Therefore economic growth is important, We should tich what limits it – all for the sake of the children.

So, that’s everything to do with diversity overboard, the disasters of planning climate change, halve, at least, tertiary education – so what next?

18 thoughts on “Cool!”

  1. The Diversity and Climate idiocy.. check.

    Not too sure about slashing tertiary education.
    While there is a lot of Basketweaving in the UK system, there’s the bit where entirely scrapping Telephone Sanitising may have unforeseen consequences in the future.
    I think it’s more efficient to incentivise choice of subject through selectively subsidising the tertiary education that’s actually useful when it comes to “productivity”, both through student loans and ruthlessly enforcing a minimum measure of quality and efficiency on the institutions themselves.

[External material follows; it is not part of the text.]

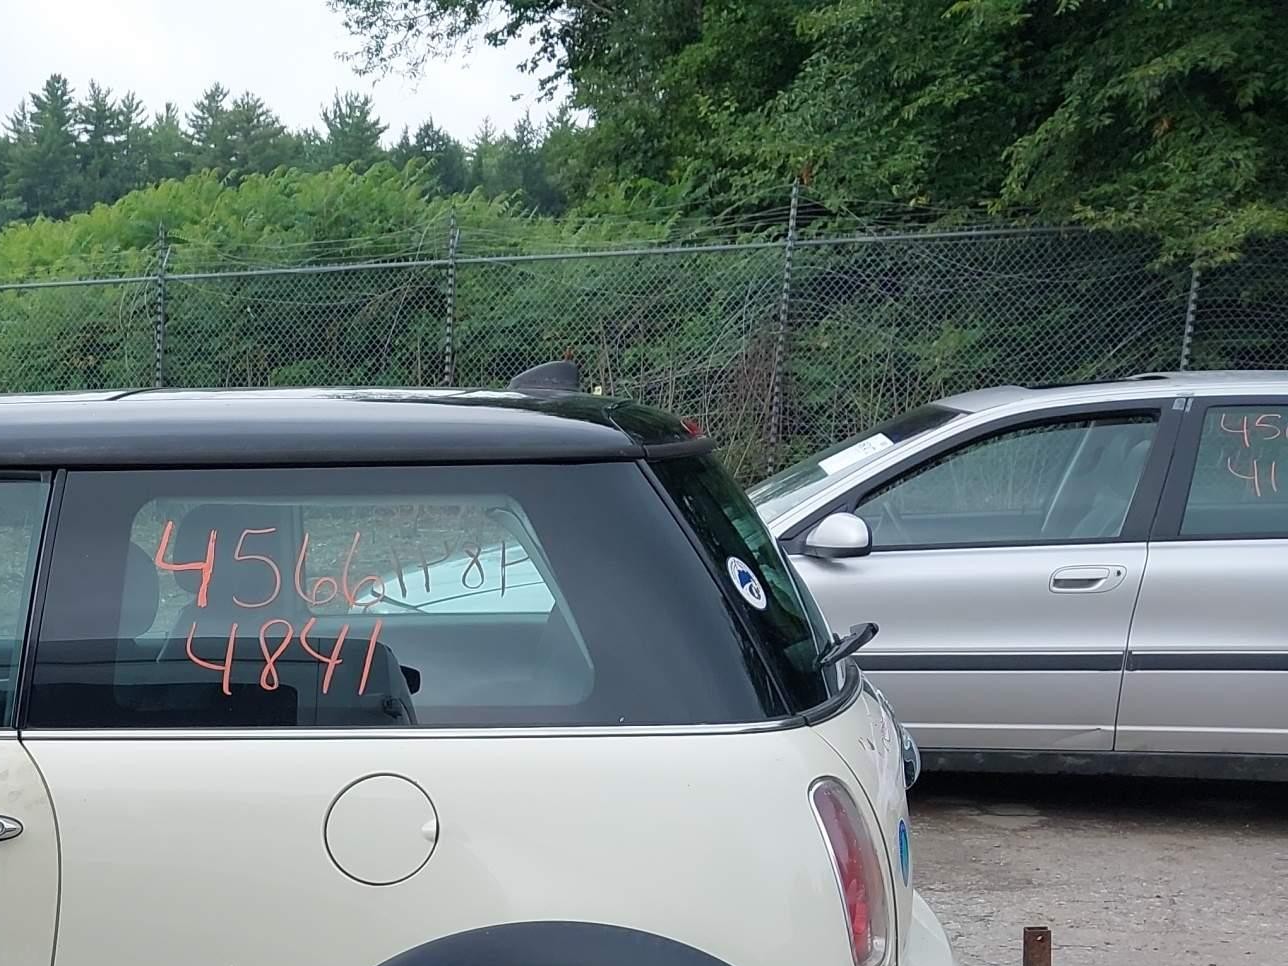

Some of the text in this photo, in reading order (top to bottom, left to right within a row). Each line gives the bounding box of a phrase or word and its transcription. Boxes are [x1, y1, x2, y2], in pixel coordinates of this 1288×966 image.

[1220, 413, 1288, 449] 45
[155, 520, 385, 608] 4566
[187, 617, 383, 696] 4841

    Not a complete picture, and there’s some if’s and but’s there as well, but you want the general effect to be that tertiay education becomes challenging enough, with enough opportunity for anyome with the aptitude to finance a study relatively hurdle-free if it’s in the “productive” fields while the potential Basketweaver PhD’s will mostly have to fend for themselves.

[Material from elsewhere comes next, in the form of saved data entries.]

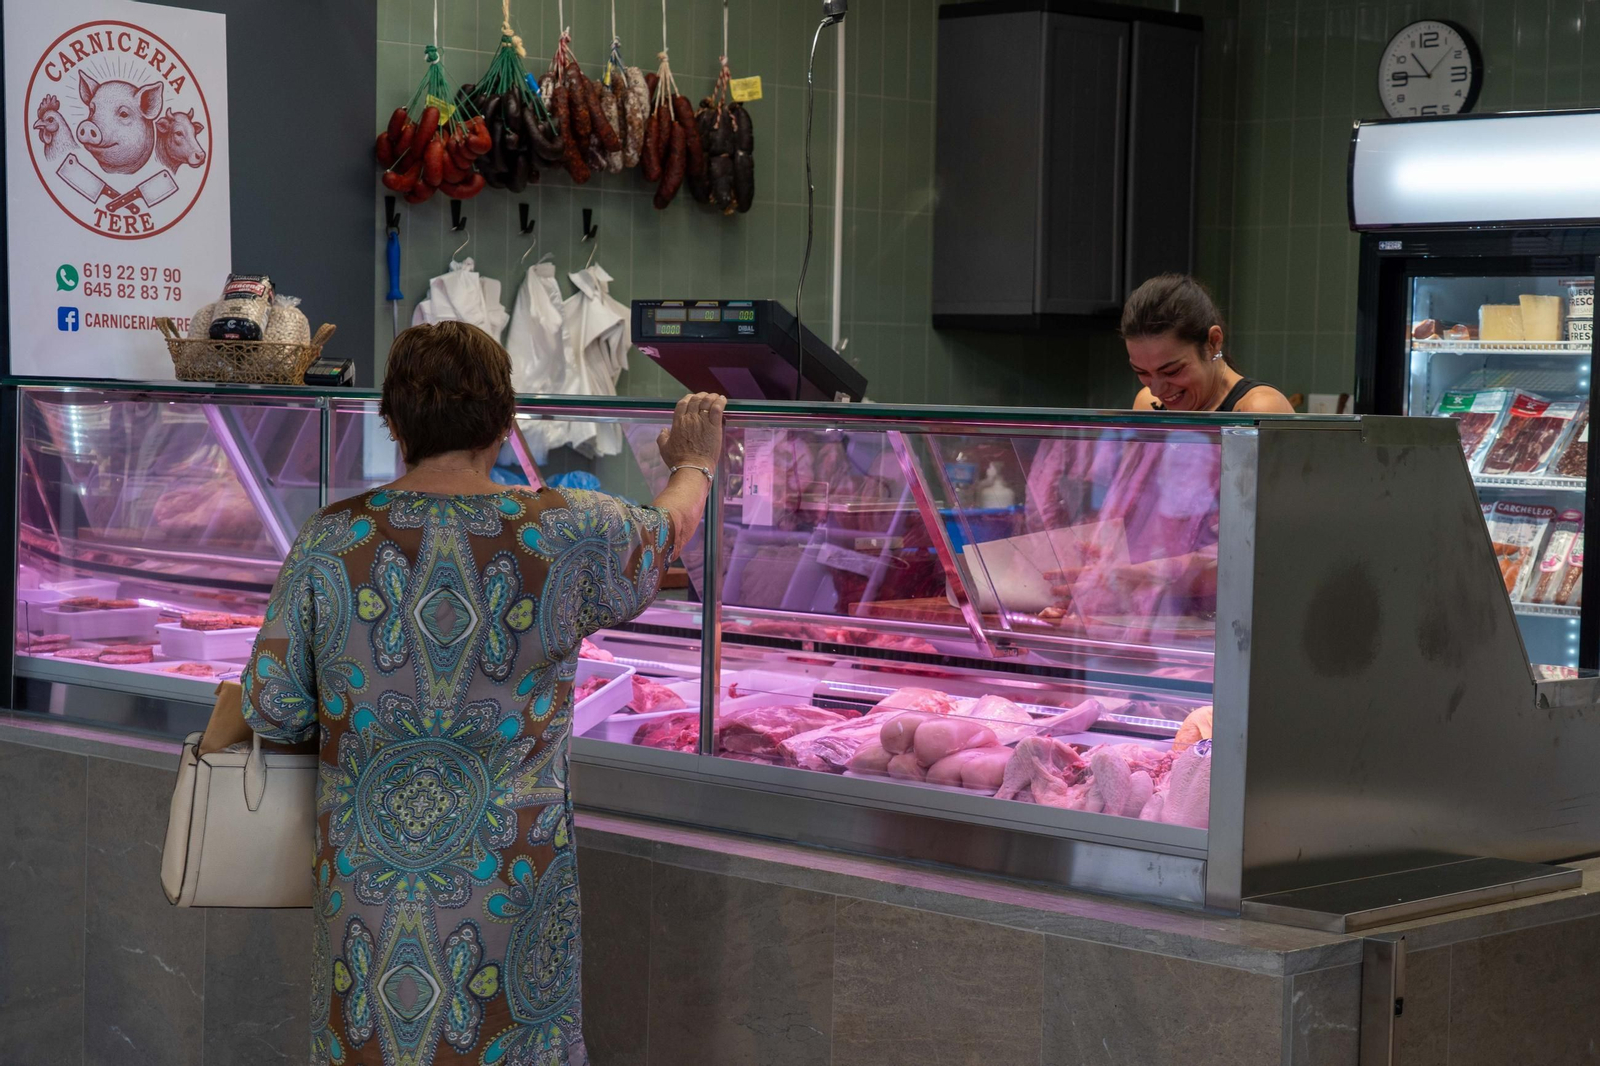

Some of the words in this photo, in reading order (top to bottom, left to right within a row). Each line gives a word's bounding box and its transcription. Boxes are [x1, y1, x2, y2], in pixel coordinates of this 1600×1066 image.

[1420, 32, 1439, 48] 12
[1396, 55, 1407, 65] 10
[1454, 50, 1462, 59] 2
[44, 30, 187, 95] CARNICERIA
[1392, 71, 1408, 87] 9
[1451, 66, 1467, 83] 3
[1397, 94, 1405, 103] 8
[1454, 89, 1462, 98] 4
[94, 208, 155, 234] TERE
[83, 263, 112, 279] 619
[117, 265, 135, 281] 22
[140, 266, 158, 282] 97
[163, 268, 181, 284] 90
[83, 281, 112, 298] 645
[117, 283, 136, 299] 82
[140, 285, 159, 301] 83
[163, 286, 182, 302] 79
[1569, 297, 1595, 306] FRESC
[84, 312, 159, 331] CARNICERIA
[1572, 323, 1594, 331] QUES
[1570, 332, 1593, 341] FRES
[1497, 503, 1553, 516] CARCHELEJO

    Of course, ridding the curriculum in the primary and secondary education of Diversity and Climate Woo will give room for instilling a sense of “I have to earn an actual living later” in the youngsters, so that may help as well..
    But with the current crop of “teachers” …. Good luck with that…

  2. The Diversity and Climate idiocy.
    Said this many times before. Recognising & then debating is the why. The idiocy was doing so. Self harming.

  3. I think it’s more efficient to incentivise choice of subject through selectively subsidising the tertiary education that’s actually useful when it comes to “productivity”

    But who decides “what’s useful”? Good god, not the government surely?

    What’s wrong with the 1940s/1950/1960s system my grandparents and father benefited from, future employers fund you. They’re the ones at the sharp end of knowing what’s in short supply, they’re the ones who painfully suffer the negative effects of not rectifying that supply problem.

  4. “What’s wrong with the 1940s/1950/1960s system my grandparents and father benefited from, future employers fund you. They’re the ones at the sharp end of knowing what’s in short supply, they’re the ones who painfully suffer the negative effects of not rectifying that supply problem.”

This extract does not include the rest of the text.